I was taken to meet Jerome Ennels, the African-American former historian of the base. Military jets roared overhead. “We call it the sound of freedom,” the colonel accompanying us said.

In 1948 President Harry Truman desegregated the military, putting service-men in the peculiar position of having to obey segregation laws outside but not inside the base. “Occasionally white and black soldiers would defy the laws on the buses,” Ennels said. “They would sit together, but as soon as they got outside the gate, the bus driver would give them their money back and tell them to get off.”

Parks is believed to have worked at Maxwell as a domestic when she found it difficult to obtain work after her act of defiance. Legend has it that officers’ wives helped to drive black people to work during the bus boycotts that followed. My mother once got stopped for driving our maid home in the front seat of our car. The police officer asked rudely if she was “all right”.
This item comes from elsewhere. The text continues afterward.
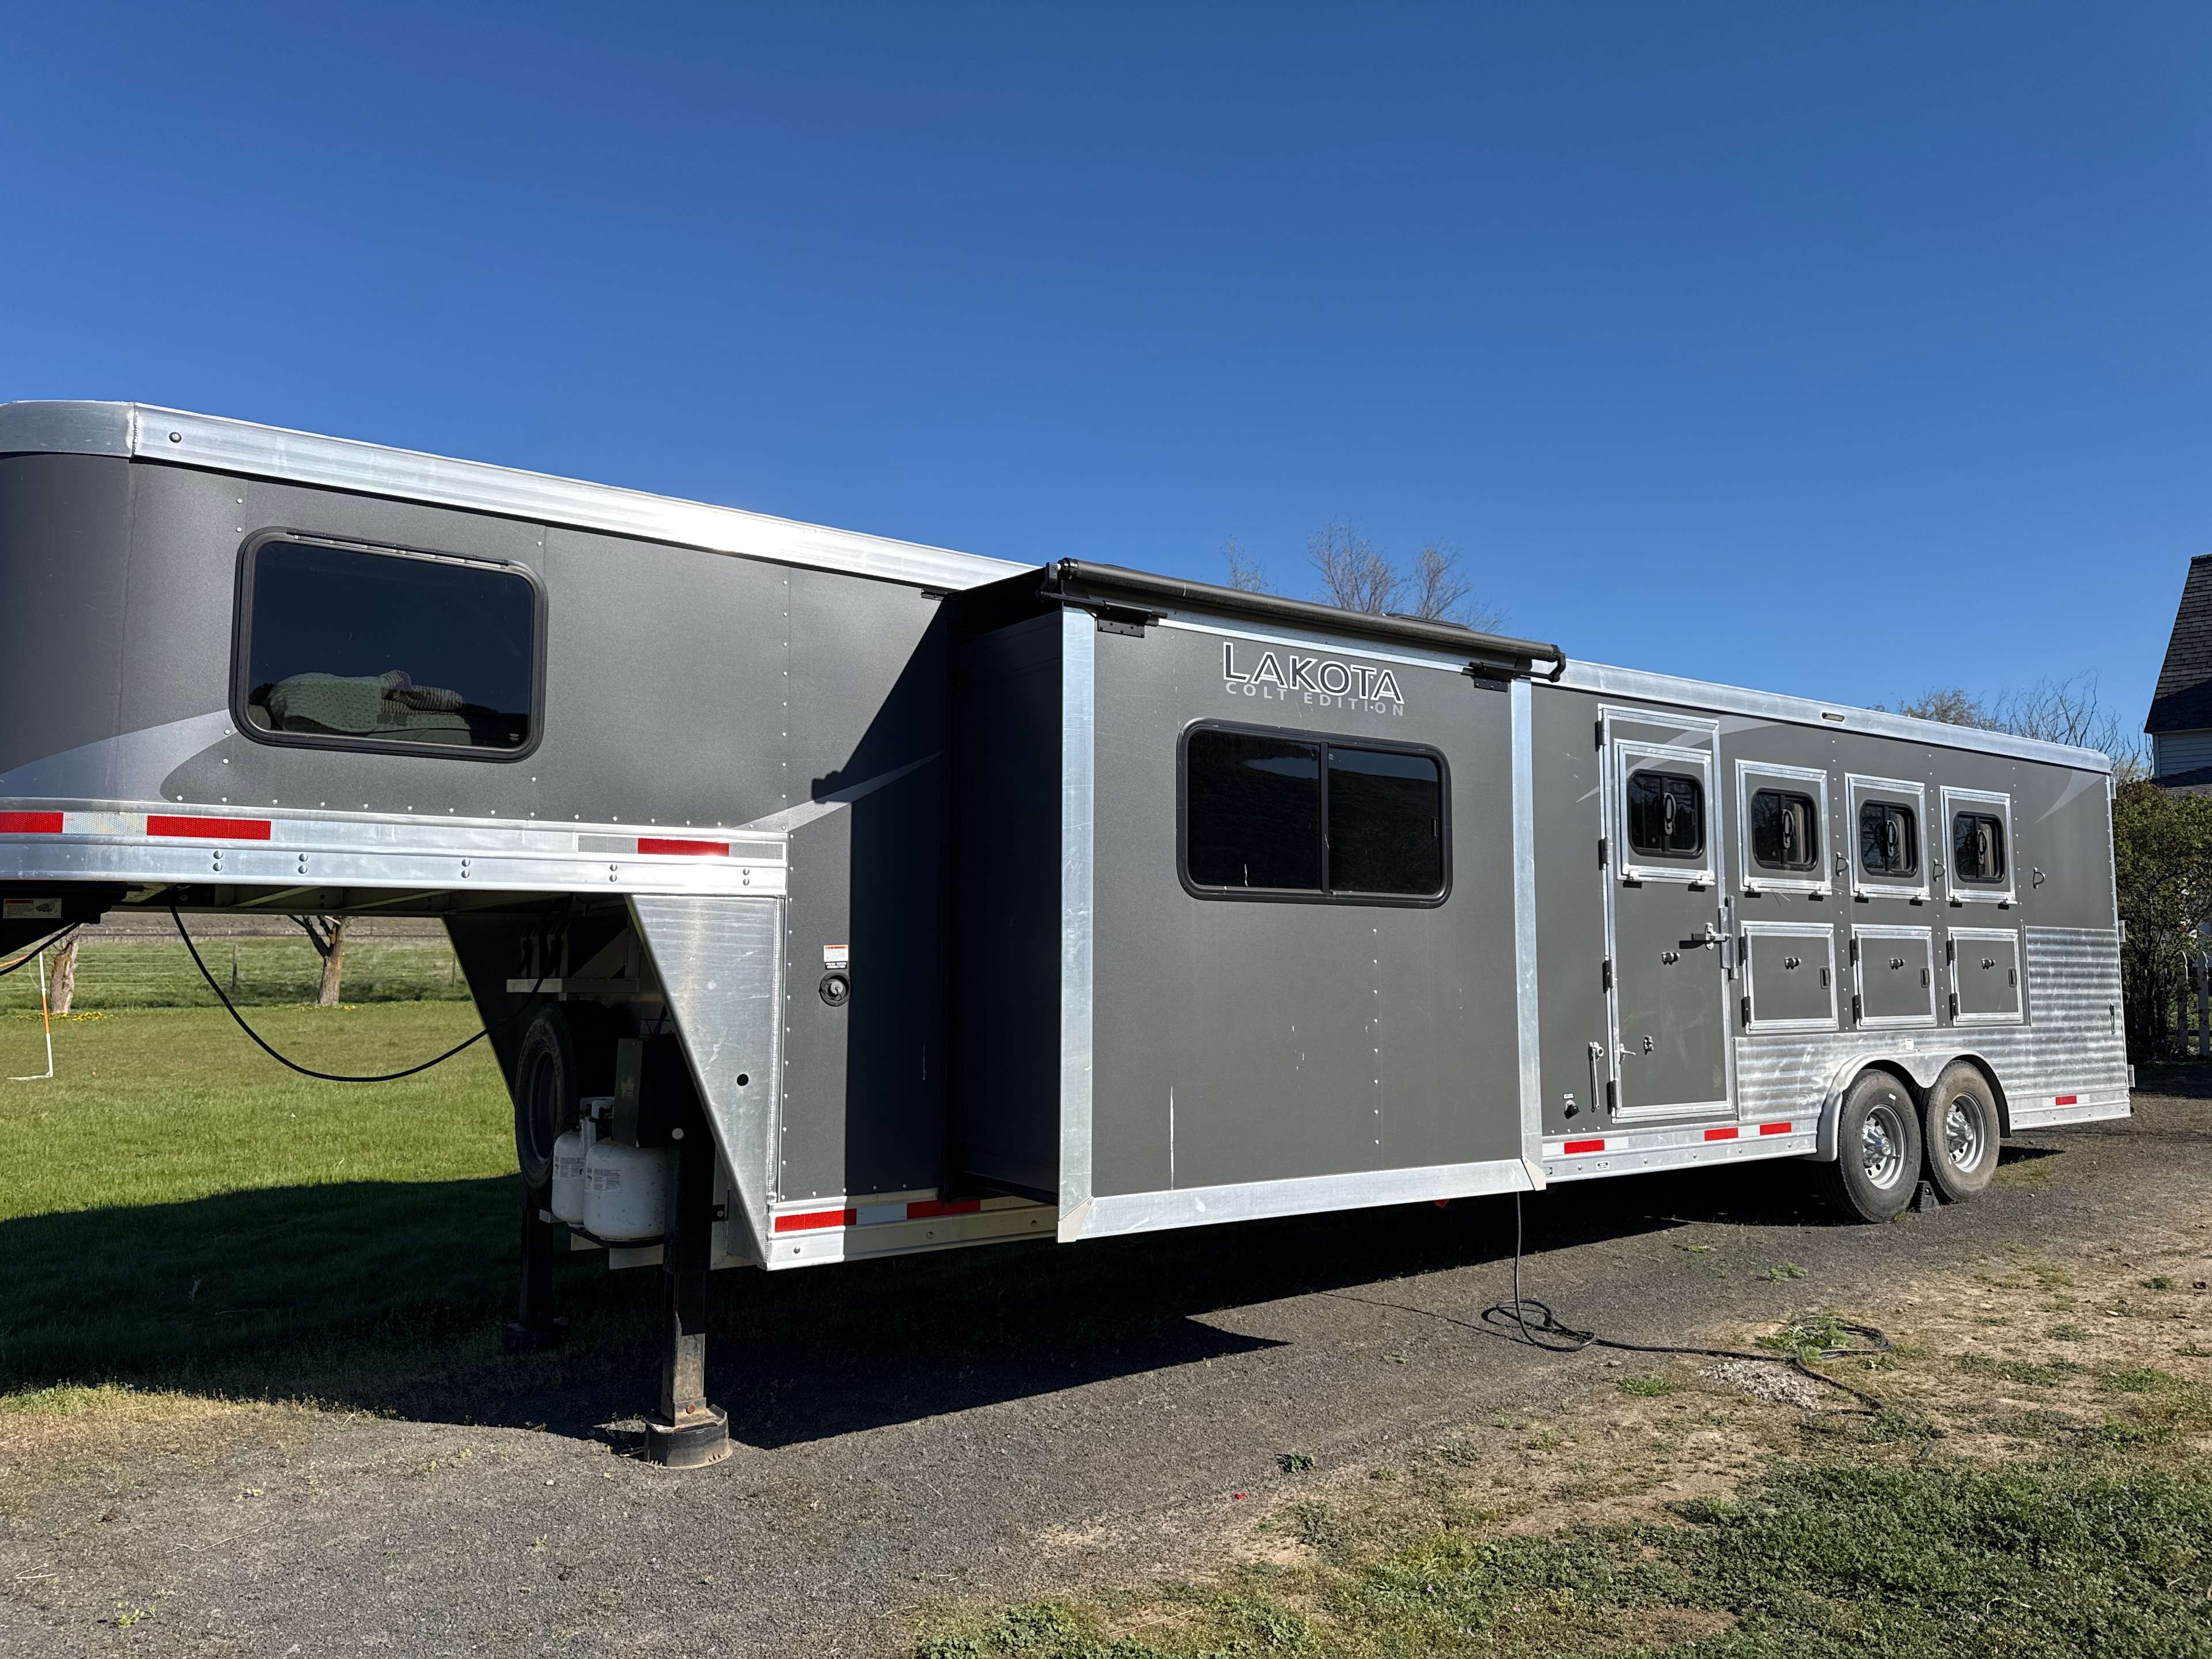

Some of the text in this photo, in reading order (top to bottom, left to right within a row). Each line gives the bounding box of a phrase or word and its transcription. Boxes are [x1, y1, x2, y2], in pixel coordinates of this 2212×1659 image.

By the early 1970s the Jim Crow laws had been shelved, but a popular restaurant still refused to serve Ennels and his wife. The waitress was busy, it was not her shift, they were at the wrong table – countless excuses were given. Eventually, their drinks arrived: “They looked like they had spit or dishwater in them.” He sued and received a $10,000 settlement out of court. “We got a car out of it,” he said.

In the 1980s the town’s reputation was still so awful that there was a sign on the highway saying, “Welcome to Montgomery. It’s better than you think”.

Today, Ennels said, “It’s great as far as I am concerned. I’m sure some prejudice and discrimination still exist, but I don’t see it. I’d put Montgomery in one of the top cities in America when it comes to race relations. It’s a fine place.”

The talk of the town is that Montgomery is poised to elect its first black mayor. Davis believes that in the years to come, the election of more African-American politicians will be “one of the gifts that Barack Obama will contribute to the political process”.

“It doesn’t mean that race will disappear as a factor, but it means that black candidates will have a chance to be judged on their assets and their liabilities,” Davis said.

“Go back to Alabama . . .” King had said. “I have a dream that my four little children will one day live in a nation where they will not be judged by the colour of their skin but by the content of their character.”

I went back and I think that day is coming. I don’t know if Obama will win the election but, if he does, it is because he will have passed King’s character test for president.